[[ Listed entries open ]]
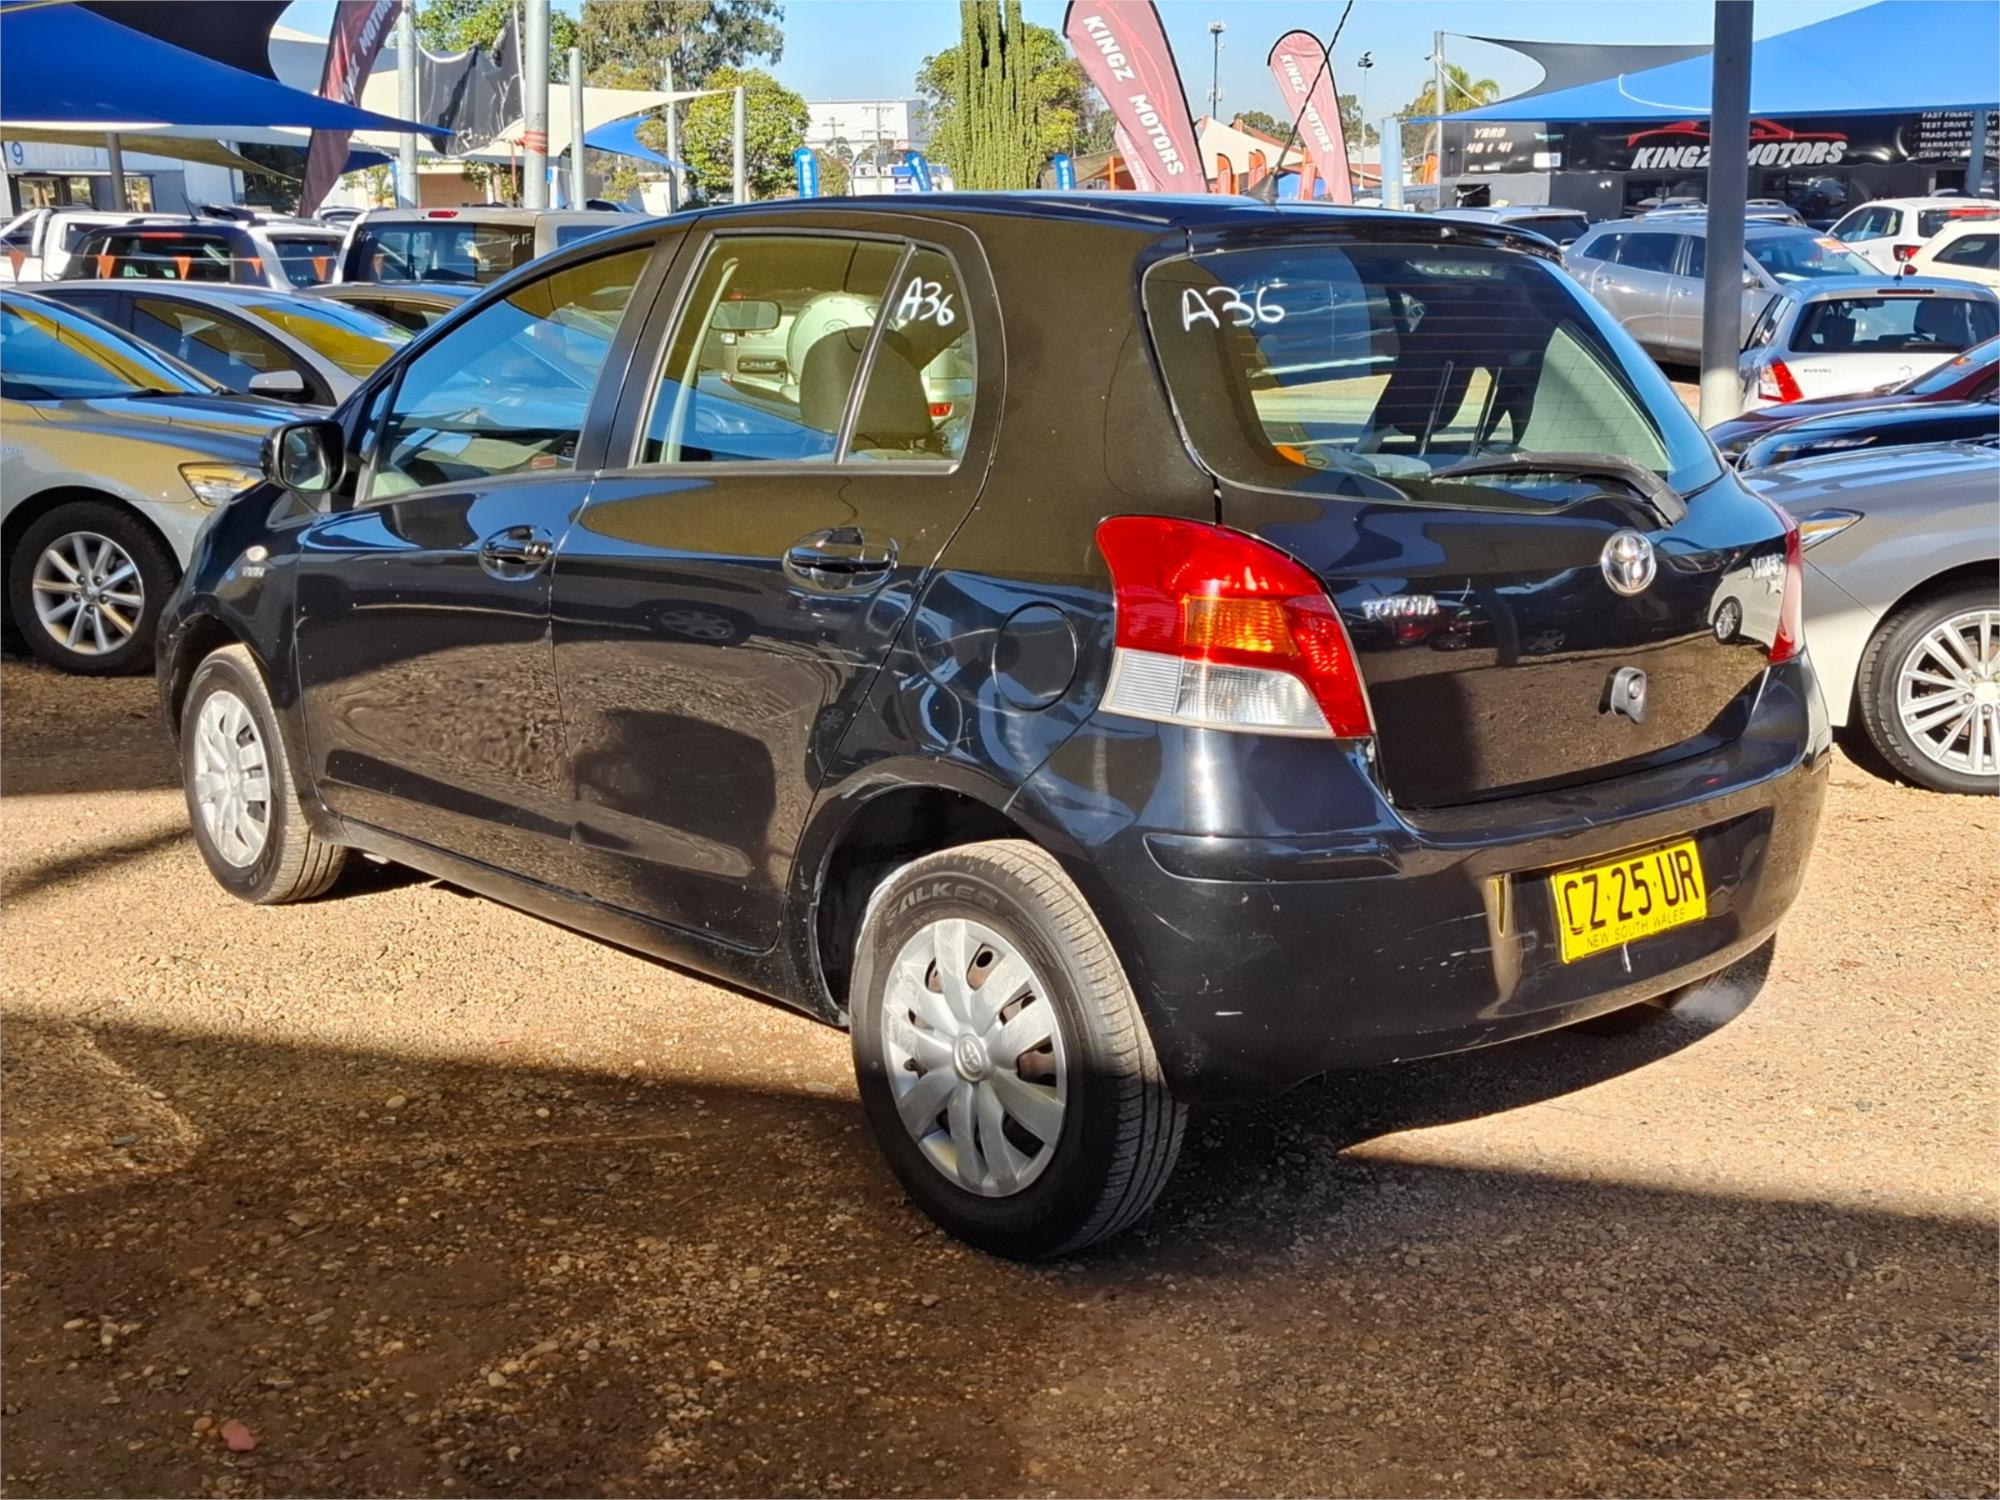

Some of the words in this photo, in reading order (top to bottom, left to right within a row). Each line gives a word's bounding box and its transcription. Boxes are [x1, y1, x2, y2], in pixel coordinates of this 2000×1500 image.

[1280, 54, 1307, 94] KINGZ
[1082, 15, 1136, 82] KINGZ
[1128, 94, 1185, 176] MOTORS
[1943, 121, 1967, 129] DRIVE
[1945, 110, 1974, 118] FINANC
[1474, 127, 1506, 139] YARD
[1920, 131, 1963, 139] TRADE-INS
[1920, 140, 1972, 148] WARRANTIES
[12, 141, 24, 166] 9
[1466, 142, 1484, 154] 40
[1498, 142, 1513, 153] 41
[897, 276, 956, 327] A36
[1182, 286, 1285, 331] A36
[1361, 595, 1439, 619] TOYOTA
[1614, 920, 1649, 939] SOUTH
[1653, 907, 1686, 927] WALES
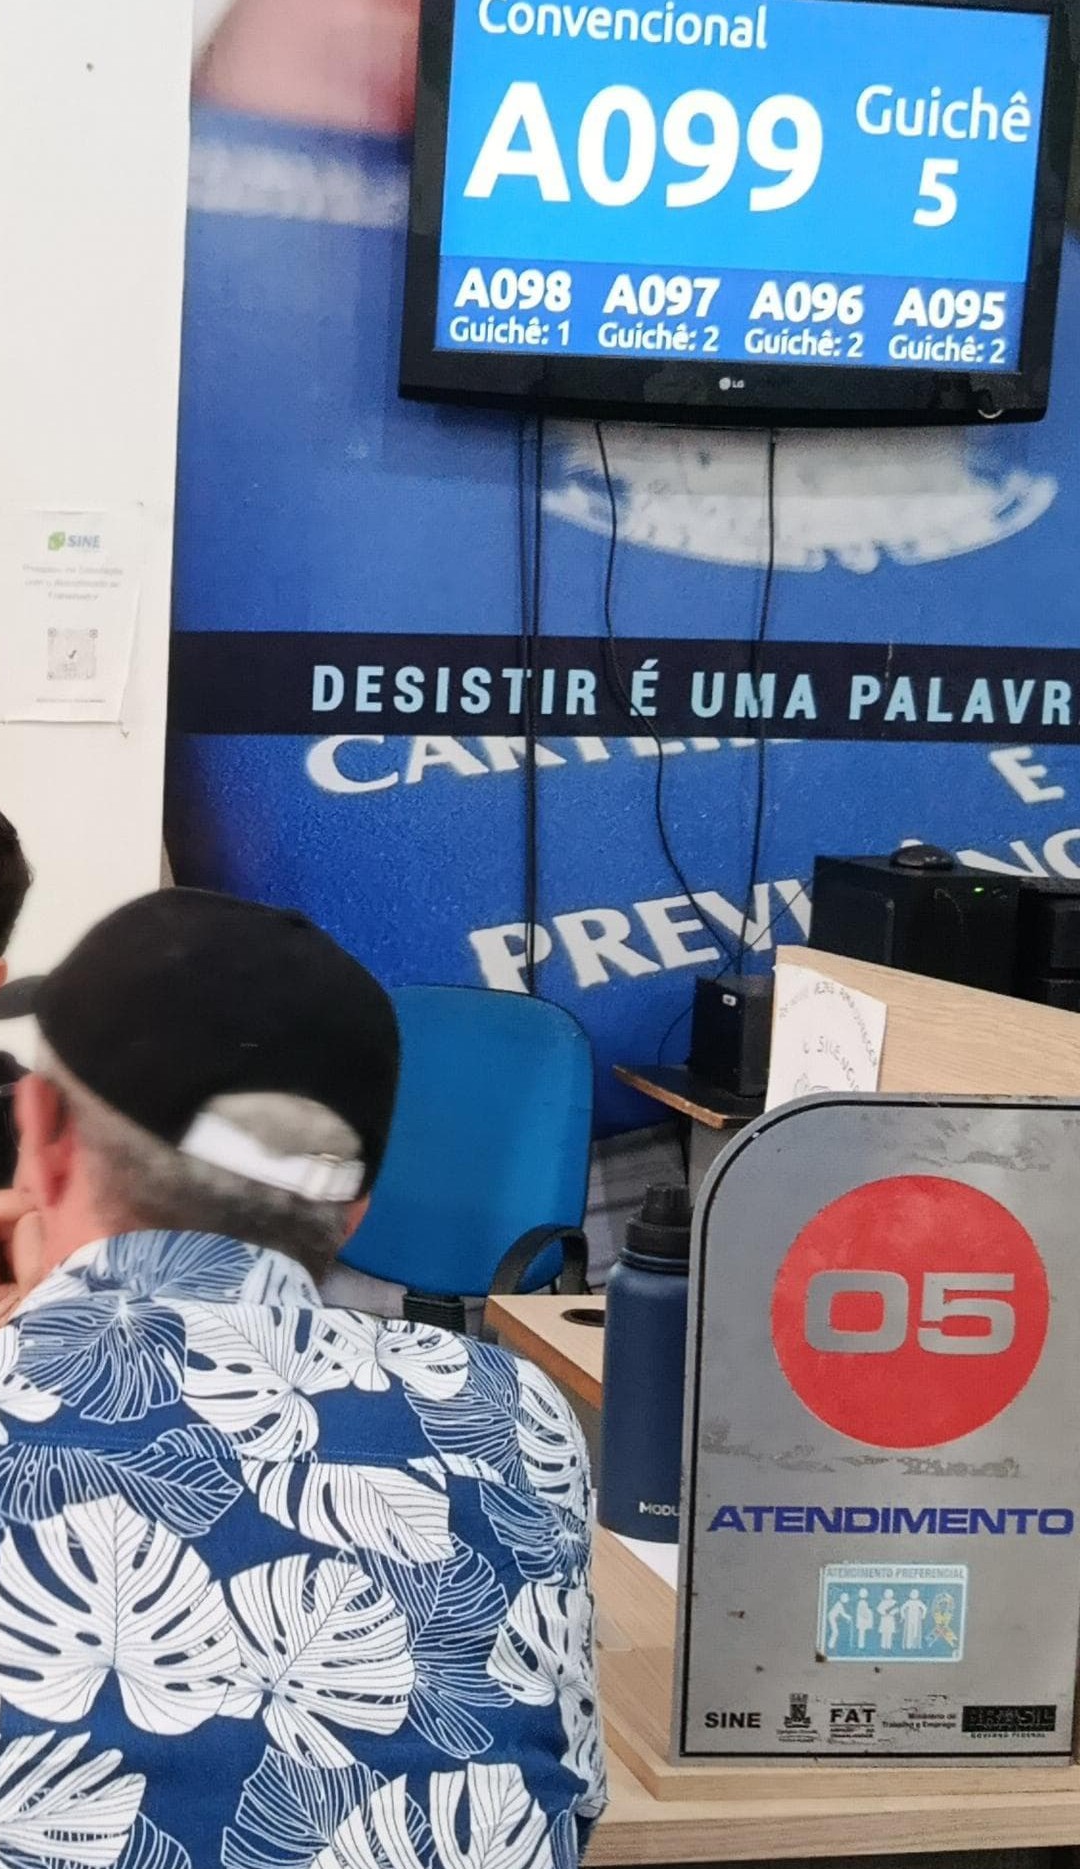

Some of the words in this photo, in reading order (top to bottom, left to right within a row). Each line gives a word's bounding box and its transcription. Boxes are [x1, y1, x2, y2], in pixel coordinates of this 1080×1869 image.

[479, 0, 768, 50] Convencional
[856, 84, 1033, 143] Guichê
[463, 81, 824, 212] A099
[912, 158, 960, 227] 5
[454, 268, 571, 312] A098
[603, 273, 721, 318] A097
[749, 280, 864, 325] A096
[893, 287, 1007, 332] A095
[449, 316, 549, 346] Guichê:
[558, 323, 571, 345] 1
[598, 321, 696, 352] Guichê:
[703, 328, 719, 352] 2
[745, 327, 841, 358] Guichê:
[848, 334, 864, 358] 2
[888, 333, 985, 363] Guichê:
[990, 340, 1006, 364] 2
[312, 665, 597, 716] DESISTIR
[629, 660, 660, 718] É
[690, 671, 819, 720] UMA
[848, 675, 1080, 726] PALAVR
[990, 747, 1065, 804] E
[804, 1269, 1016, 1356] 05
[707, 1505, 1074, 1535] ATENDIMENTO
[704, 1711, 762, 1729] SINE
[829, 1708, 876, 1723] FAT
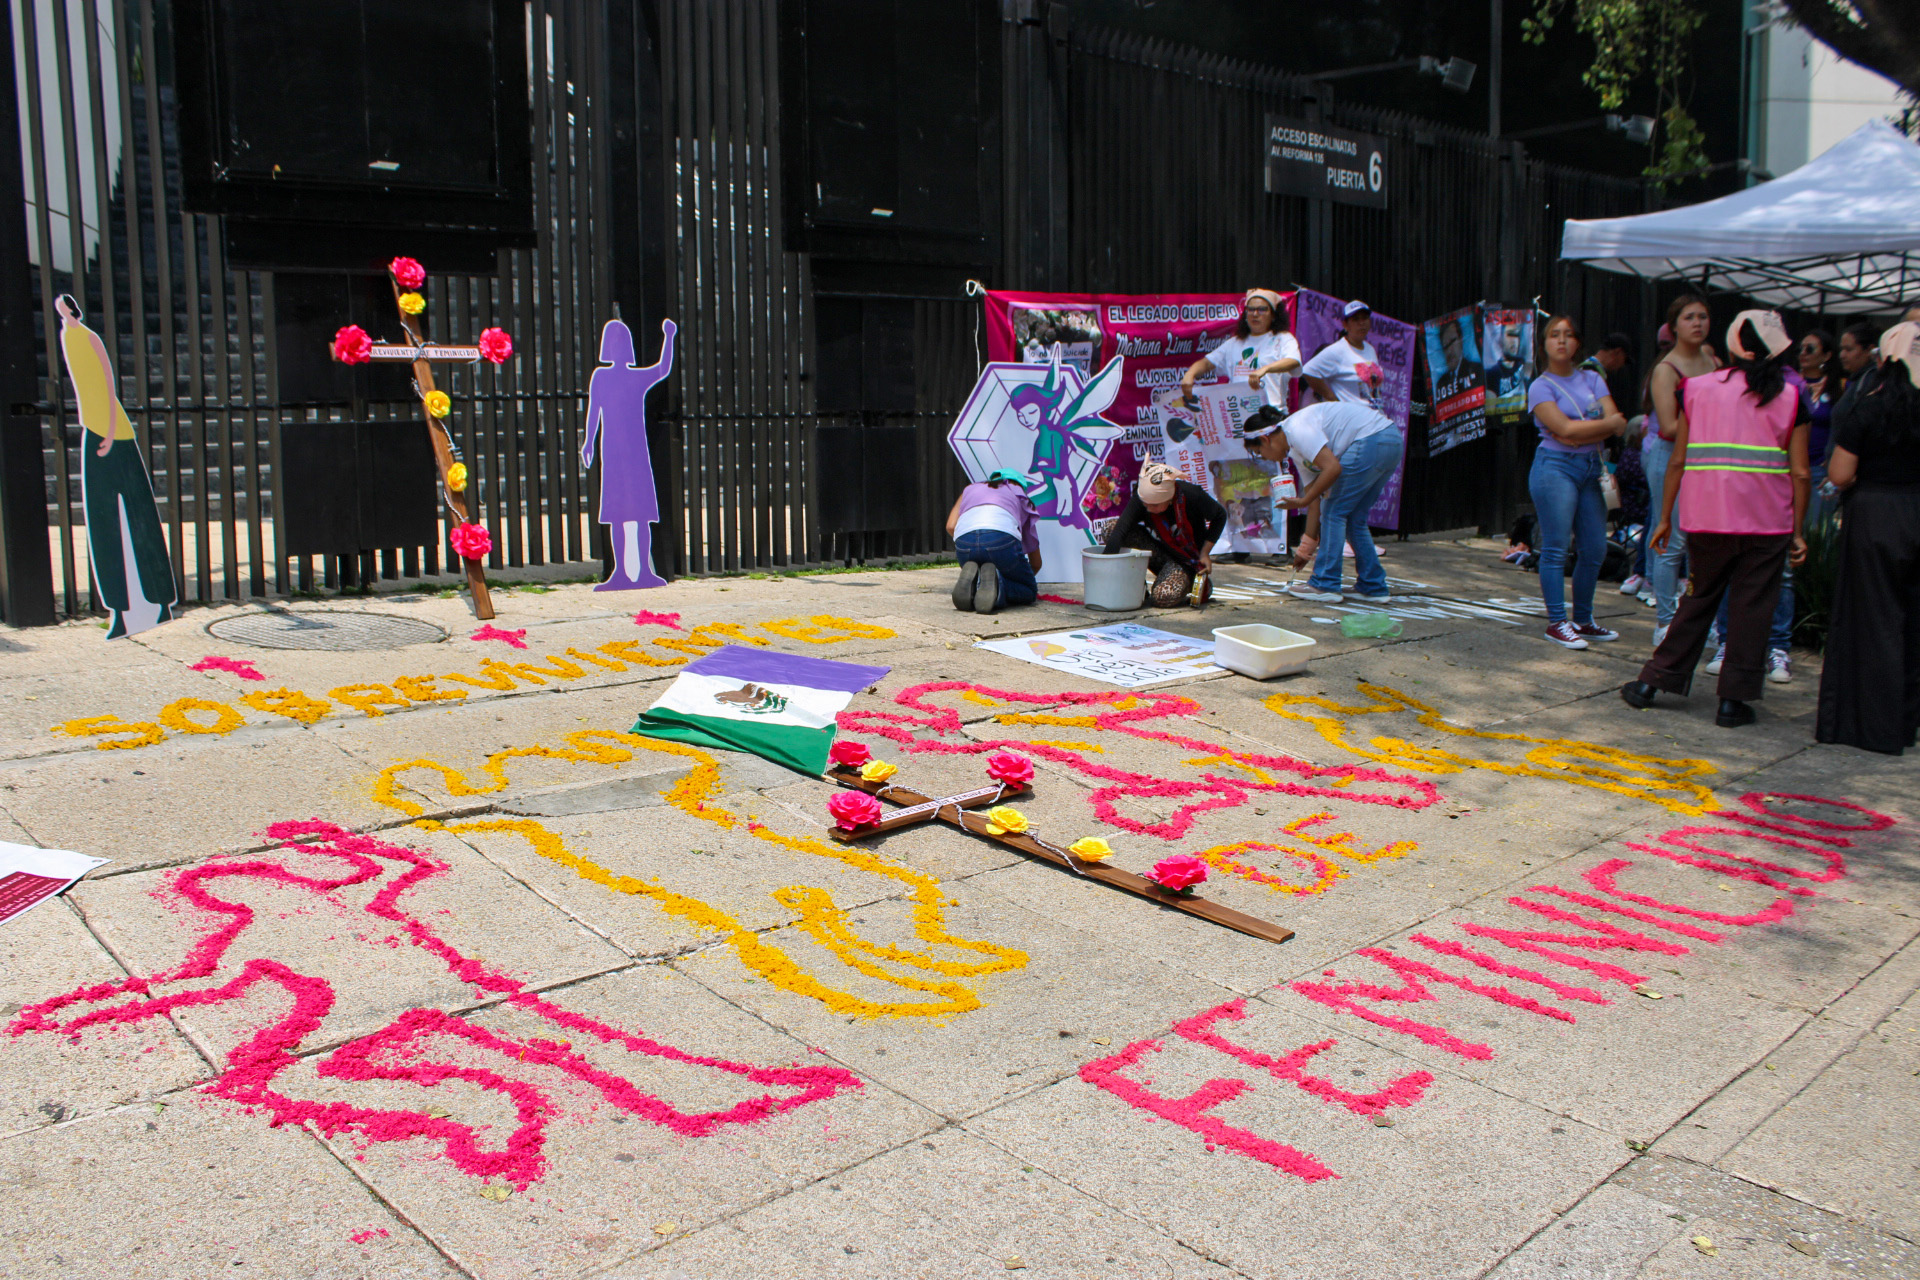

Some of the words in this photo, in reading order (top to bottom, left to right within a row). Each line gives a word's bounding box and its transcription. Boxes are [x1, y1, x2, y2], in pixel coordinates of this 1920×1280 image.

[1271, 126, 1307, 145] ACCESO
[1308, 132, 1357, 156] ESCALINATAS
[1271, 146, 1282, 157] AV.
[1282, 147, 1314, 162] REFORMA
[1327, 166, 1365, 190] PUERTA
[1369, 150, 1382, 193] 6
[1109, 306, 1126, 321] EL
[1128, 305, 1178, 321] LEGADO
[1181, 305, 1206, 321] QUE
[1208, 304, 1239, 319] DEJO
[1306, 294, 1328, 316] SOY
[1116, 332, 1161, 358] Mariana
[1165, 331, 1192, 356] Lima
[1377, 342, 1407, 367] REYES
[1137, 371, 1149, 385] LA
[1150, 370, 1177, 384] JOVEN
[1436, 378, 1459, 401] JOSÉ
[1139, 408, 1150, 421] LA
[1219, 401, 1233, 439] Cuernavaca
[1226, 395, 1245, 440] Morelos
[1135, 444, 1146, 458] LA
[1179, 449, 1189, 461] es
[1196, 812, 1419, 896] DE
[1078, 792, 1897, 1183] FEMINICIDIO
[[ Listed entries closed ]]
● **What you need to do**
Repeat the data exactly. No pictures should appear.

● **Finished task**
Some of the words in this photo, in reading order (top to bottom, left to right within a row). Each line gives a word's bounding box and its transcription. Boxes are [x1, y1, x2, y2], in pixel coordinates of this 2000×1500 image.

[1280, 54, 1307, 94] KINGZ
[1082, 15, 1136, 82] KINGZ
[1128, 94, 1185, 176] MOTORS
[1943, 121, 1967, 129] DRIVE
[1945, 110, 1974, 118] FINANC
[1474, 127, 1506, 139] YARD
[1920, 131, 1963, 139] TRADE-INS
[1920, 140, 1972, 148] WARRANTIES
[12, 141, 24, 166] 9
[1466, 142, 1484, 154] 40
[1498, 142, 1513, 153] 41
[897, 276, 956, 327] A36
[1182, 286, 1285, 331] A36
[1361, 595, 1439, 619] TOYOTA
[1614, 920, 1649, 939] SOUTH
[1653, 907, 1686, 927] WALES

Some of the words in this photo, in reading order (top to bottom, left to right within a row). Each line gives a word's bounding box and its transcription. Boxes are [x1, y1, x2, y2], in pixel coordinates of this 1080×1869 image.

[479, 0, 768, 50] Convencional
[856, 84, 1033, 143] Guichê
[463, 81, 824, 212] A099
[912, 158, 960, 227] 5
[454, 268, 571, 312] A098
[603, 273, 721, 318] A097
[749, 280, 864, 325] A096
[893, 287, 1007, 332] A095
[449, 316, 549, 346] Guichê:
[558, 323, 571, 345] 1
[598, 321, 696, 352] Guichê:
[703, 328, 719, 352] 2
[745, 327, 841, 358] Guichê:
[848, 334, 864, 358] 2
[888, 333, 985, 363] Guichê:
[990, 340, 1006, 364] 2
[312, 665, 597, 716] DESISTIR
[629, 660, 660, 718] É
[690, 671, 819, 720] UMA
[848, 675, 1080, 726] PALAVR
[990, 747, 1065, 804] E
[804, 1269, 1016, 1356] 05
[707, 1505, 1074, 1535] ATENDIMENTO
[704, 1711, 762, 1729] SINE
[829, 1708, 876, 1723] FAT

Some of the words in this photo, in reading order (top to bottom, left to right within a row). Each line gives a word's bounding box and its transcription. Boxes are [x1, y1, x2, y2], in pixel coordinates of this 1920×1280 image.

[1271, 126, 1307, 145] ACCESO
[1308, 132, 1357, 156] ESCALINATAS
[1271, 146, 1282, 157] AV.
[1282, 147, 1314, 162] REFORMA
[1327, 166, 1365, 190] PUERTA
[1369, 150, 1382, 193] 6
[1109, 306, 1126, 321] EL
[1128, 305, 1178, 321] LEGADO
[1181, 305, 1206, 321] QUE
[1208, 304, 1239, 319] DEJO
[1306, 294, 1328, 316] SOY
[1116, 332, 1161, 358] Mariana
[1165, 331, 1192, 356] Lima
[1377, 342, 1407, 367] REYES
[1137, 371, 1149, 385] LA
[1150, 370, 1177, 384] JOVEN
[1436, 378, 1459, 401] JOSÉ
[1139, 408, 1150, 421] LA
[1219, 401, 1233, 439] Cuernavaca
[1226, 395, 1245, 440] Morelos
[1135, 444, 1146, 458] LA
[1179, 449, 1189, 461] es
[1196, 812, 1419, 896] DE
[1078, 792, 1897, 1183] FEMINICIDIO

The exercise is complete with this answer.